SOCK_MEMALLOC vs loopback

netdev.vger.kernel.org archive mirror
 help / color / mirror / Atom feed

* SOCK_MEMALLOC vs loopback
@ 2015-03-04 18:38 Ilya Dryomov
  2015-03-04 20:04 ` Mel Gorman
  0 siblings, 1 reply; 6+ messages in thread
From: Ilya Dryomov @ 2015-03-04 18:38 UTC (permalink / raw)
  To: ceph-devel, Eric Dumazet
  Cc: Sage Weil, Mike Christie, Mel Gorman, NeilBrown, netdev

Hello,

A short while ago Mike added a patch to libceph to set SOCK_MEMALLOC on
libceph sockets and PF_MEMALLOC around send/receive paths (commit
89baaa570ab0, "libceph: use memalloc flags for net IO").  rbd is much
like nbd and is succeptible to all the same memory allocation
deadlocks, so it seemed like a step in the right direction.

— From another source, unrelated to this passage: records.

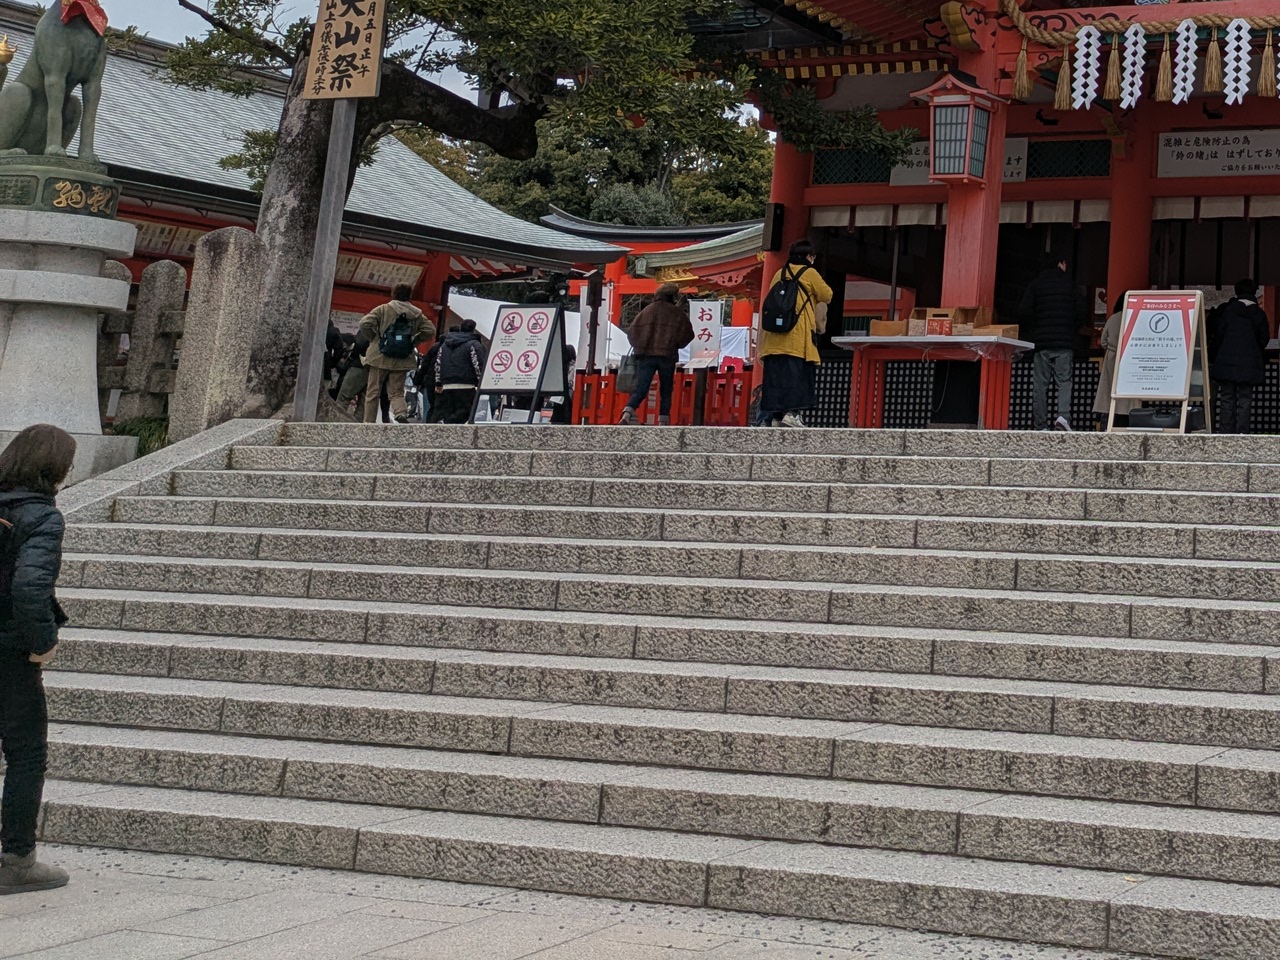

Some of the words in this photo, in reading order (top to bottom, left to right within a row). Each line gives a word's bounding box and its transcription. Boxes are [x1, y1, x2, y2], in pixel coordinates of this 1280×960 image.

[1163, 135, 1251, 148] 混雑と危険防止の為
[697, 306, 714, 351] おみ
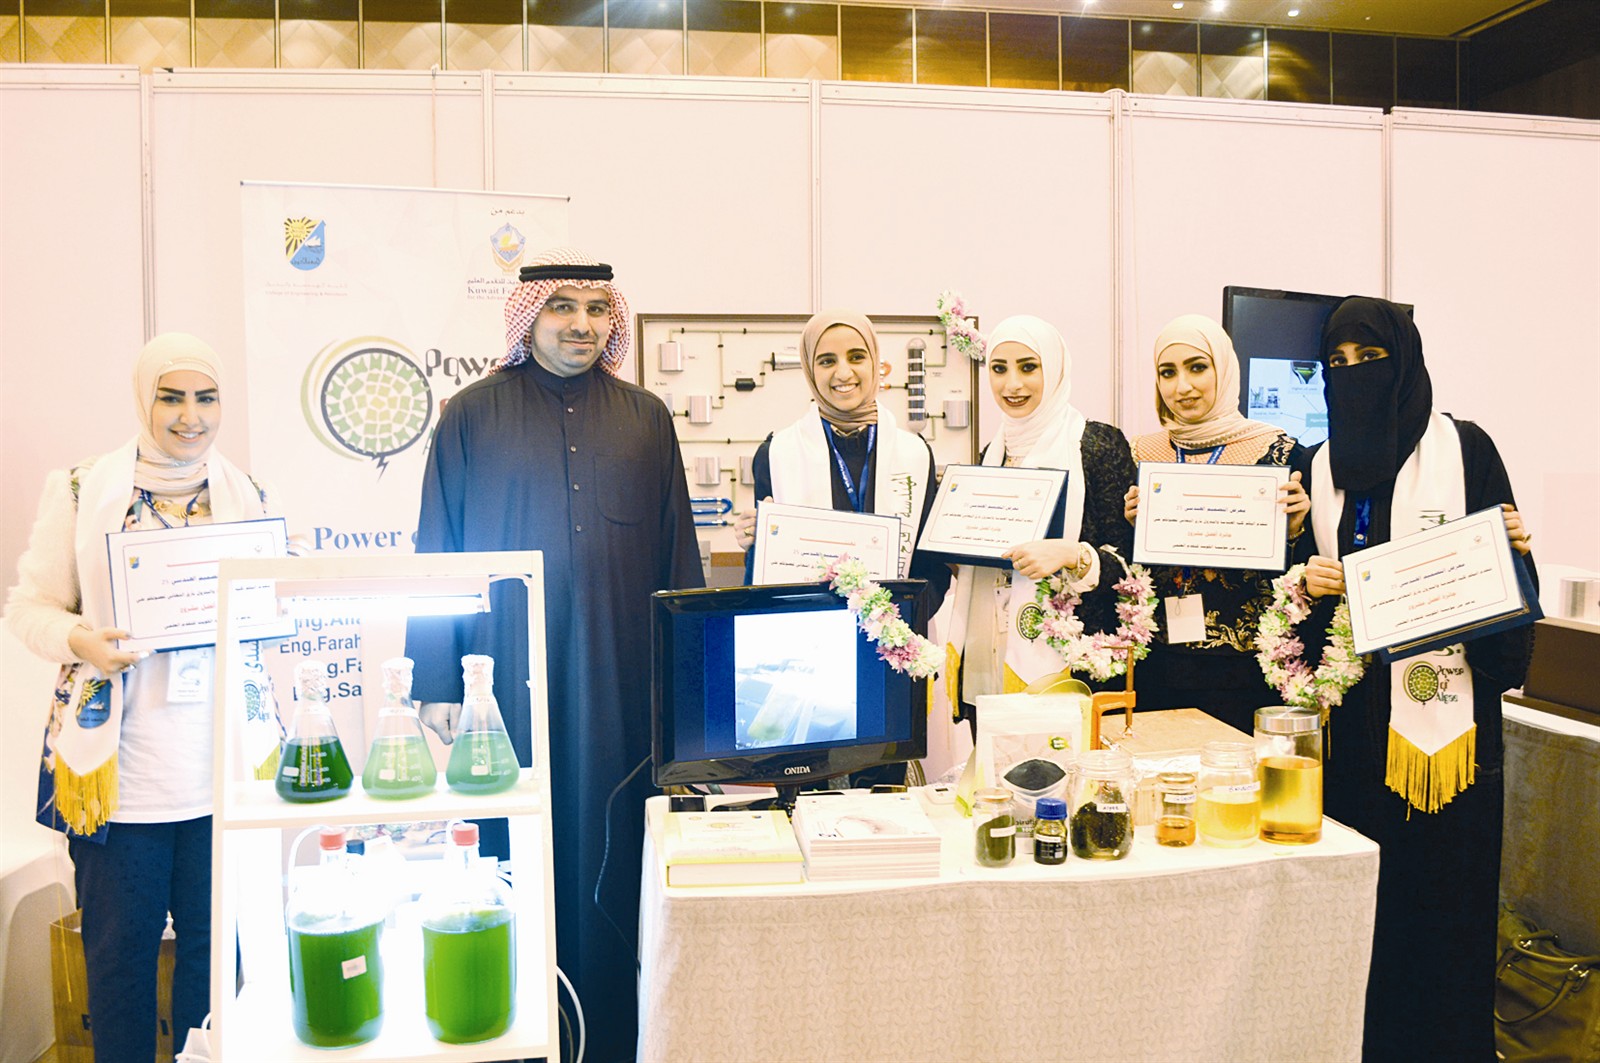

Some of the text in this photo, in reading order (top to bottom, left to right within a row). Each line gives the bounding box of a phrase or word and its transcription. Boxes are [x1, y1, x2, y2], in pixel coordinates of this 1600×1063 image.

[467, 286, 500, 295] Kuwait
[313, 527, 402, 550] Power
[784, 765, 811, 776] ONIDA

However that turned out to not play nice with loopback - such a simple
workload as 'dd if=/dev/zero of=/dev/rbd0 bs=4M' would now lock up in
no time if one or more ceph-osd (think nbd-server) processes are
running on the same box - as soon as memory gets tight and
__alloc_skb() dips into PF_MEMALLOC reserves and marks skb as
pfmemalloc, packets start being dropped on the receiving side:

int sk_filter(struct sock *sk, struct sk_buff *skb)
{
        ...

        /*
         * If the skb was allocated from pfmemalloc reserves, only
         * allow SOCK_MEMALLOC sockets to use it as this socket is
         * helping free memory
         */
        if (skb_pfmemalloc(skb) && !sock_flag(sk, SOCK_MEMALLOC))
                return -ENOMEM;

as the receiving ceph-osd socket is not a SOCK_MEMALLOC socket.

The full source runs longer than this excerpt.